(Excerpted data)
* * *

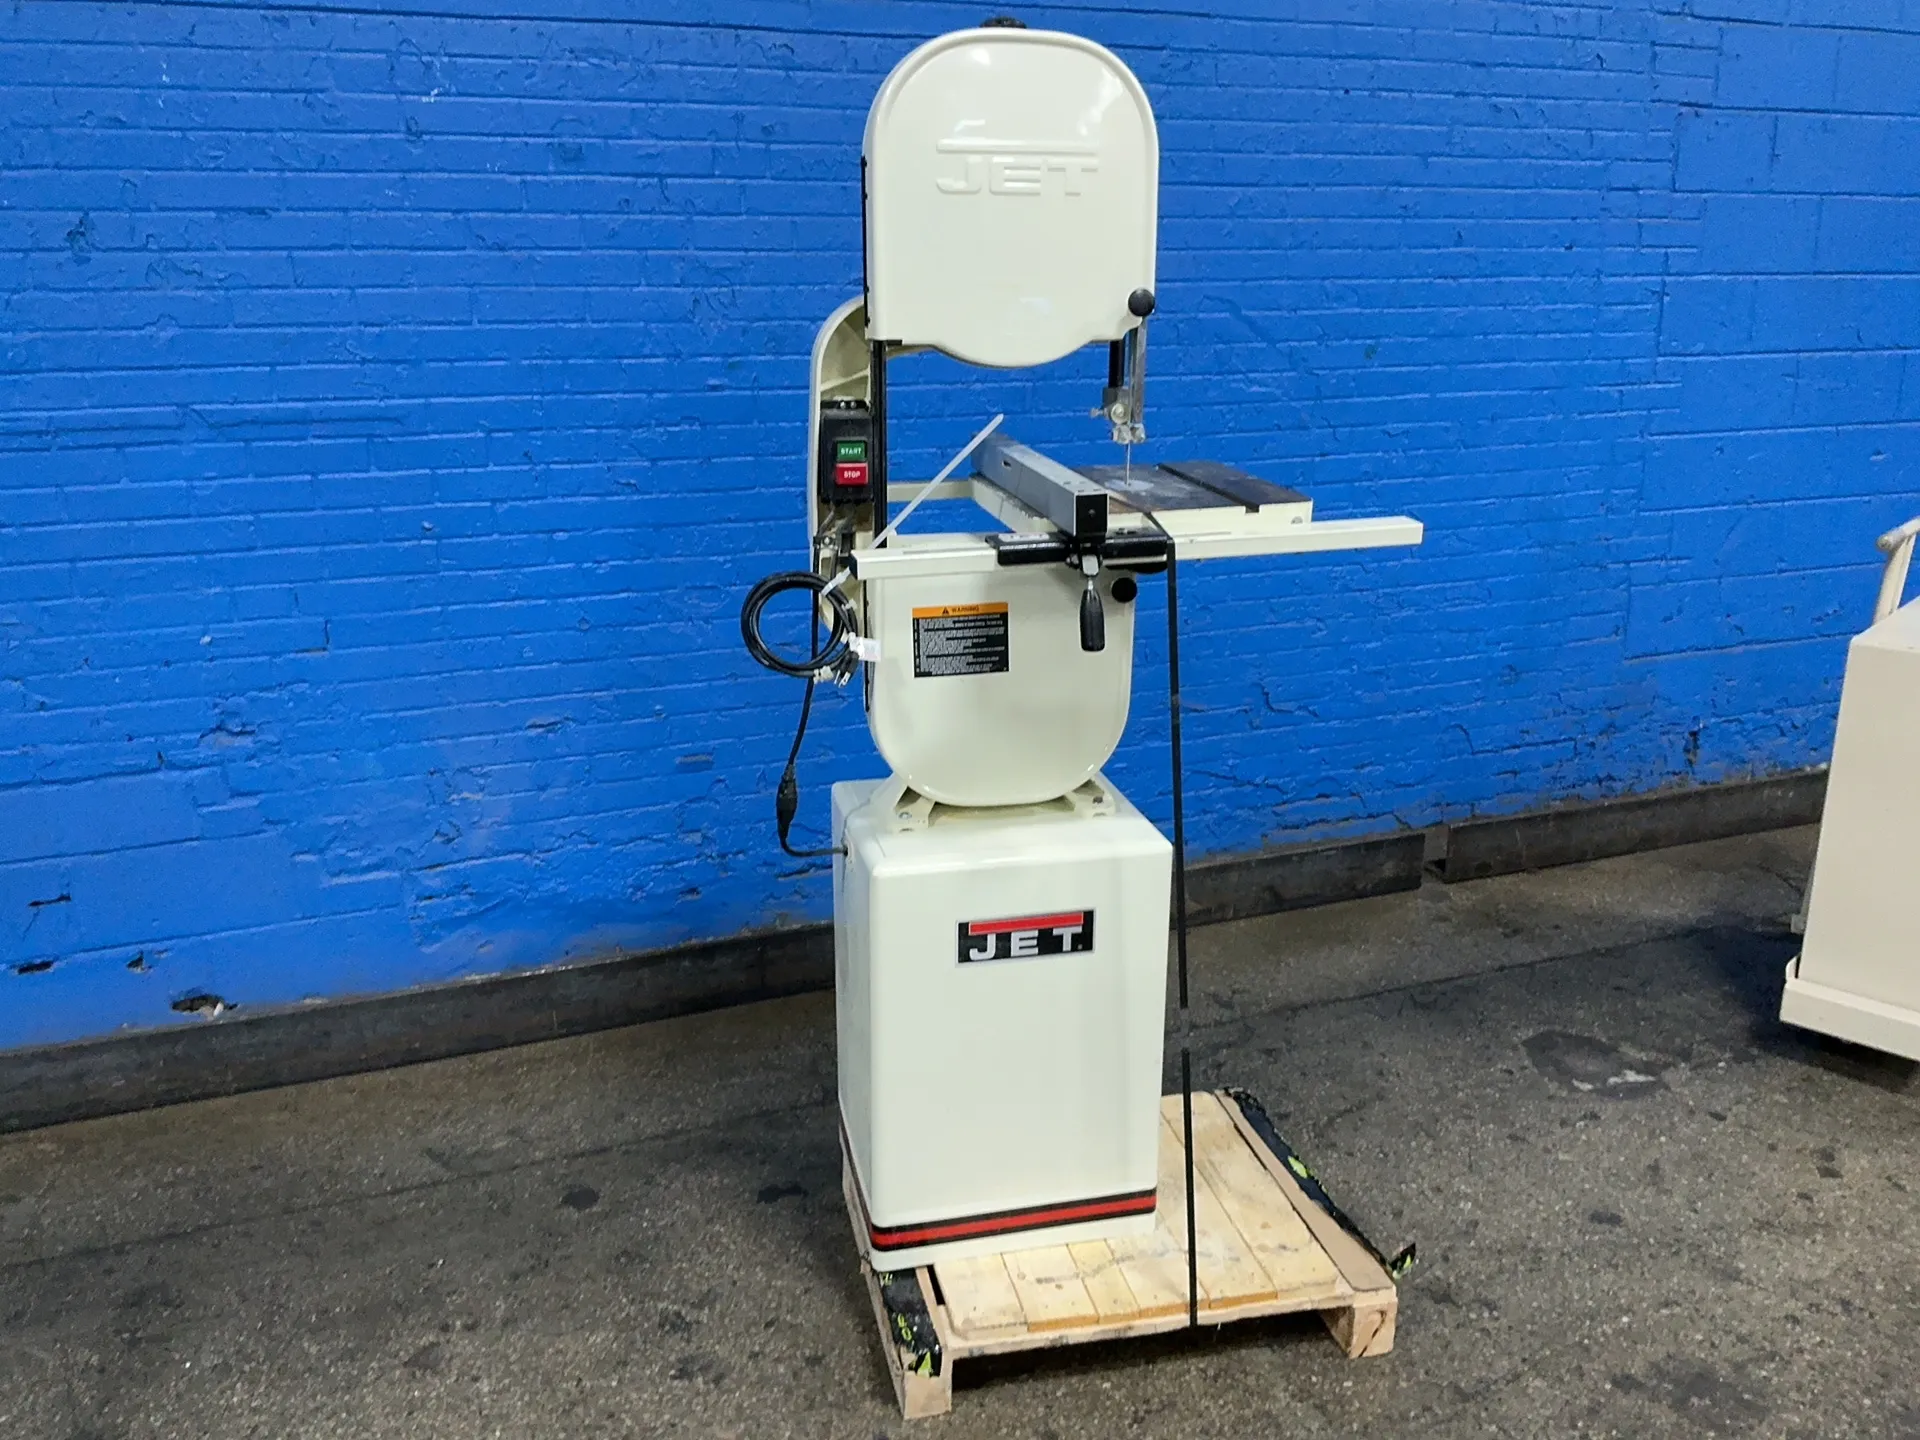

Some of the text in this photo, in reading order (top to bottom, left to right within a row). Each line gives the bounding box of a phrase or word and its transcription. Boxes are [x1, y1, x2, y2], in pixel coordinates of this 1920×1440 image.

[935, 154, 1099, 196] JET
[840, 447, 862, 455] START
[843, 470, 861, 479] STOP
[969, 925, 1083, 961] JET

* * *

(Work to be completed) Pictures stay out; reproduce every line of the records exactly.

(Written solution)
Some of the text in this photo, in reading order (top to bottom, left to right within a row). Each line gives the bounding box of a phrase or word and its transcription. Boxes are [x1, y1, x2, y2], in pixel coordinates of this 1920×1440 image.

[935, 154, 1099, 196] JET
[840, 447, 862, 455] START
[843, 470, 861, 479] STOP
[969, 925, 1083, 961] JET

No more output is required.